(Data begins)
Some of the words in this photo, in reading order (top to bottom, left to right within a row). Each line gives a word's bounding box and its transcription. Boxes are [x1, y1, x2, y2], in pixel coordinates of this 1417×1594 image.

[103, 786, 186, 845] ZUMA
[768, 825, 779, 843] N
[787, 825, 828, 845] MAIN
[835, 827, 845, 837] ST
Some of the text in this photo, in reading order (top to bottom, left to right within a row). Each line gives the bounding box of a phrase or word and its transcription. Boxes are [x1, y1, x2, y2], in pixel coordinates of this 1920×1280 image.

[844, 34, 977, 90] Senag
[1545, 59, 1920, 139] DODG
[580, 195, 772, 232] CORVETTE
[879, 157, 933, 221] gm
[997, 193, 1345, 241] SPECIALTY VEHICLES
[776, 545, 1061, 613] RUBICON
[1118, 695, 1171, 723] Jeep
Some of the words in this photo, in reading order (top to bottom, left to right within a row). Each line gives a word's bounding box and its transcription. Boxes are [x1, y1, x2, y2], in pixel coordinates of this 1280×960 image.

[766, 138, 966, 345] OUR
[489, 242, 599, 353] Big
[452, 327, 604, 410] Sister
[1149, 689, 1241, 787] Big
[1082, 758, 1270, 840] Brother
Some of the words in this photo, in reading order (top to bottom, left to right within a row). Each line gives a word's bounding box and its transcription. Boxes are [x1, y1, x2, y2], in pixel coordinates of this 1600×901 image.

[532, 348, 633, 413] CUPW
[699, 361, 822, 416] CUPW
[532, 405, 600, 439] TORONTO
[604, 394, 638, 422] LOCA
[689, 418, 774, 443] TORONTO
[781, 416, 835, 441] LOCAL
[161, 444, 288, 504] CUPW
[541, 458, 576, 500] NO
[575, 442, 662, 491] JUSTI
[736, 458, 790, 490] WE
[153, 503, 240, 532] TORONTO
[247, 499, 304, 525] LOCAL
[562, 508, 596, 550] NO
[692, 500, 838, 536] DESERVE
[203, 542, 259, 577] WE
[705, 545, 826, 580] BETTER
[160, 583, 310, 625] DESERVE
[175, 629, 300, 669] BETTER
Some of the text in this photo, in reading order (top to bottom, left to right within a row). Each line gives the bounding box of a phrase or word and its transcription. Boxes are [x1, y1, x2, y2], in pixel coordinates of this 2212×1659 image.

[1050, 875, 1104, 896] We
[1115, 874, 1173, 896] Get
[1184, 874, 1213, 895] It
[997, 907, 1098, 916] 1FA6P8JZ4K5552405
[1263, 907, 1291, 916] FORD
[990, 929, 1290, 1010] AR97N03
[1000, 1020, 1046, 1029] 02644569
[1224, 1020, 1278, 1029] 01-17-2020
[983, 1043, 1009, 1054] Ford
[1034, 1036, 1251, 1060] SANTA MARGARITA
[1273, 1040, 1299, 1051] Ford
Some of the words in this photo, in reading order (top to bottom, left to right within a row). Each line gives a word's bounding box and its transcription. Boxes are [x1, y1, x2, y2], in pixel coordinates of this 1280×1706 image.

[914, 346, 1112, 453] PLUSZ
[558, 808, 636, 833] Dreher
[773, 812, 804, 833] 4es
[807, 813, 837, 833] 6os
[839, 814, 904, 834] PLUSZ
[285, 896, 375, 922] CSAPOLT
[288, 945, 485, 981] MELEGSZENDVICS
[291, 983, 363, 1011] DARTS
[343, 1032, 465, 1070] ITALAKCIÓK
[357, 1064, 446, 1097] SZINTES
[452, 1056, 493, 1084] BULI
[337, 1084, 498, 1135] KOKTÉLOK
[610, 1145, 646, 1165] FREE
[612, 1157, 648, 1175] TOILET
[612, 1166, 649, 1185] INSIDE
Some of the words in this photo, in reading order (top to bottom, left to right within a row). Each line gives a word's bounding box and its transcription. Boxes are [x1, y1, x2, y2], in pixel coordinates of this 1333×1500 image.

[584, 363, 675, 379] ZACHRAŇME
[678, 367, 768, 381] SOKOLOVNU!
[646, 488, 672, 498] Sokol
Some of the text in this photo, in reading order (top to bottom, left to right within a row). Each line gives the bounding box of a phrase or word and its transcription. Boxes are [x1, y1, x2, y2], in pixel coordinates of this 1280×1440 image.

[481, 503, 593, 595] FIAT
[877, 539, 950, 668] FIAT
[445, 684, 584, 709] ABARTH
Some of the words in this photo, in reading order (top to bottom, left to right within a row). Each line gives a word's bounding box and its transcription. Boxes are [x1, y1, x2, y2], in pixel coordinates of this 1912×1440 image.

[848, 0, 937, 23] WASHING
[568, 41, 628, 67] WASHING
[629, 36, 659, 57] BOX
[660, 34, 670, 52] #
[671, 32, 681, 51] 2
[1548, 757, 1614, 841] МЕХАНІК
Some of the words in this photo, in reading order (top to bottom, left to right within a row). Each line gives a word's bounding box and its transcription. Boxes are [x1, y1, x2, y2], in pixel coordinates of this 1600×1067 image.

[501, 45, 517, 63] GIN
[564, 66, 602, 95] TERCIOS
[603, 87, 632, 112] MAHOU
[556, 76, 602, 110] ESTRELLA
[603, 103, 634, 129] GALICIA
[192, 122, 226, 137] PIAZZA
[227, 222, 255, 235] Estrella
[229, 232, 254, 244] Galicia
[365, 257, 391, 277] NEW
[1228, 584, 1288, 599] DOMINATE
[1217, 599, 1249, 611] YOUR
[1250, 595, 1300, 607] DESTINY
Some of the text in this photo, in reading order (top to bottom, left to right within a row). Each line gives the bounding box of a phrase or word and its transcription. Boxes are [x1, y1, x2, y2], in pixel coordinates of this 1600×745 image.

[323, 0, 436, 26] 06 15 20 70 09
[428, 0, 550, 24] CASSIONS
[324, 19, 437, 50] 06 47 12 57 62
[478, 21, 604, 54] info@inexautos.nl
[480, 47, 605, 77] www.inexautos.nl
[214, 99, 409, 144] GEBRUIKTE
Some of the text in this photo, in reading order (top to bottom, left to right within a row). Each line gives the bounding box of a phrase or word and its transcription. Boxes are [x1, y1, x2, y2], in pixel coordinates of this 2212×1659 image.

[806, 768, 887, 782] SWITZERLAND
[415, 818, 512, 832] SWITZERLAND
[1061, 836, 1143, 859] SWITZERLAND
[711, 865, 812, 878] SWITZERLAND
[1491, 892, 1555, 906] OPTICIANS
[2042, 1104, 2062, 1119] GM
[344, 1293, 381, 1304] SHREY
(Data ends)
• _Assignment_: Each record should be returned precisely as written.

• _Written response_:
Some of the words in this photo, in reading order (top to bottom, left to right within a row). Each line gives a word's bounding box and its transcription. Boxes are [x1, y1, x2, y2], in pixel coordinates of this 1417×1594 image.

[103, 786, 186, 845] ZUMA
[768, 825, 779, 843] N
[787, 825, 828, 845] MAIN
[835, 827, 845, 837] ST
Some of the text in this photo, in reading order (top to bottom, left to right within a row). Each line gives the bounding box of a phrase or word and its transcription. Boxes are [x1, y1, x2, y2], in pixel coordinates of this 1920×1280 image.

[844, 34, 977, 90] Senag
[1545, 59, 1920, 139] DODG
[580, 195, 772, 232] CORVETTE
[879, 157, 933, 221] gm
[997, 193, 1345, 241] SPECIALTY VEHICLES
[776, 545, 1061, 613] RUBICON
[1118, 695, 1171, 723] Jeep
Some of the words in this photo, in reading order (top to bottom, left to right within a row). Each line gives a word's bounding box and its transcription. Boxes are [x1, y1, x2, y2], in pixel coordinates of this 1280×960 image.

[766, 138, 966, 345] OUR
[489, 242, 599, 353] Big
[452, 327, 604, 410] Sister
[1149, 689, 1241, 787] Big
[1082, 758, 1270, 840] Brother
Some of the words in this photo, in reading order (top to bottom, left to right within a row). Each line gives a word's bounding box and its transcription. Boxes are [x1, y1, x2, y2], in pixel coordinates of this 1600×901 image.

[532, 348, 633, 413] CUPW
[699, 361, 822, 416] CUPW
[532, 405, 600, 439] TORONTO
[604, 394, 638, 422] LOCA
[689, 418, 774, 443] TORONTO
[781, 416, 835, 441] LOCAL
[161, 444, 288, 504] CUPW
[541, 458, 576, 500] NO
[575, 442, 662, 491] JUSTI
[736, 458, 790, 490] WE
[153, 503, 240, 532] TORONTO
[247, 499, 304, 525] LOCAL
[562, 508, 596, 550] NO
[692, 500, 838, 536] DESERVE
[203, 542, 259, 577] WE
[705, 545, 826, 580] BETTER
[160, 583, 310, 625] DESERVE
[175, 629, 300, 669] BETTER
Some of the text in this photo, in reading order (top to bottom, left to right within a row). Each line gives the bounding box of a phrase or word and its transcription. Boxes are [x1, y1, x2, y2], in pixel coordinates of this 2212×1659 image.

[1050, 875, 1104, 896] We
[1115, 874, 1173, 896] Get
[1184, 874, 1213, 895] It
[997, 907, 1098, 916] 1FA6P8JZ4K5552405
[1263, 907, 1291, 916] FORD
[990, 929, 1290, 1010] AR97N03
[1000, 1020, 1046, 1029] 02644569
[1224, 1020, 1278, 1029] 01-17-2020
[983, 1043, 1009, 1054] Ford
[1034, 1036, 1251, 1060] SANTA MARGARITA
[1273, 1040, 1299, 1051] Ford
Some of the words in this photo, in reading order (top to bottom, left to right within a row). Each line gives a word's bounding box and its transcription. Boxes are [x1, y1, x2, y2], in pixel coordinates of this 1280×1706 image.

[914, 346, 1112, 453] PLUSZ
[558, 808, 636, 833] Dreher
[773, 812, 804, 833] 4es
[807, 813, 837, 833] 6os
[839, 814, 904, 834] PLUSZ
[285, 896, 375, 922] CSAPOLT
[288, 945, 485, 981] MELEGSZENDVICS
[291, 983, 363, 1011] DARTS
[343, 1032, 465, 1070] ITALAKCIÓK
[357, 1064, 446, 1097] SZINTES
[452, 1056, 493, 1084] BULI
[337, 1084, 498, 1135] KOKTÉLOK
[610, 1145, 646, 1165] FREE
[612, 1157, 648, 1175] TOILET
[612, 1166, 649, 1185] INSIDE
Some of the words in this photo, in reading order (top to bottom, left to right within a row). Each line gives a word's bounding box and its transcription. Boxes are [x1, y1, x2, y2], in pixel coordinates of this 1333×1500 image.

[584, 363, 675, 379] ZACHRAŇME
[678, 367, 768, 381] SOKOLOVNU!
[646, 488, 672, 498] Sokol
Some of the text in this photo, in reading order (top to bottom, left to right within a row). Each line gives the bounding box of a phrase or word and its transcription. Boxes are [x1, y1, x2, y2], in pixel coordinates of this 1280×1440 image.

[481, 503, 593, 595] FIAT
[877, 539, 950, 668] FIAT
[445, 684, 584, 709] ABARTH
Some of the words in this photo, in reading order (top to bottom, left to right within a row). Each line gives a word's bounding box and its transcription. Boxes are [x1, y1, x2, y2], in pixel coordinates of this 1912×1440 image.

[848, 0, 937, 23] WASHING
[568, 41, 628, 67] WASHING
[629, 36, 659, 57] BOX
[660, 34, 670, 52] #
[671, 32, 681, 51] 2
[1548, 757, 1614, 841] МЕХАНІК
Some of the words in this photo, in reading order (top to bottom, left to right within a row). Each line gives a word's bounding box and its transcription. Boxes are [x1, y1, x2, y2], in pixel coordinates of this 1600×1067 image.

[501, 45, 517, 63] GIN
[564, 66, 602, 95] TERCIOS
[603, 87, 632, 112] MAHOU
[556, 76, 602, 110] ESTRELLA
[603, 103, 634, 129] GALICIA
[192, 122, 226, 137] PIAZZA
[227, 222, 255, 235] Estrella
[229, 232, 254, 244] Galicia
[365, 257, 391, 277] NEW
[1228, 584, 1288, 599] DOMINATE
[1217, 599, 1249, 611] YOUR
[1250, 595, 1300, 607] DESTINY
Some of the text in this photo, in reading order (top to bottom, left to right within a row). Each line gives the bounding box of a phrase or word and its transcription. Boxes are [x1, y1, x2, y2], in pixel coordinates of this 1600×745 image.

[323, 0, 436, 26] 06 15 20 70 09
[428, 0, 550, 24] CASSIONS
[324, 19, 437, 50] 06 47 12 57 62
[478, 21, 604, 54] info@inexautos.nl
[480, 47, 605, 77] www.inexautos.nl
[214, 99, 409, 144] GEBRUIKTE
Some of the text in this photo, in reading order (top to bottom, left to right within a row). Each line gives the bounding box of a phrase or word and its transcription. Boxes are [x1, y1, x2, y2], in pixel coordinates of this 2212×1659 image.

[806, 768, 887, 782] SWITZERLAND
[415, 818, 512, 832] SWITZERLAND
[1061, 836, 1143, 859] SWITZERLAND
[711, 865, 812, 878] SWITZERLAND
[1491, 892, 1555, 906] OPTICIANS
[2042, 1104, 2062, 1119] GM
[344, 1293, 381, 1304] SHREY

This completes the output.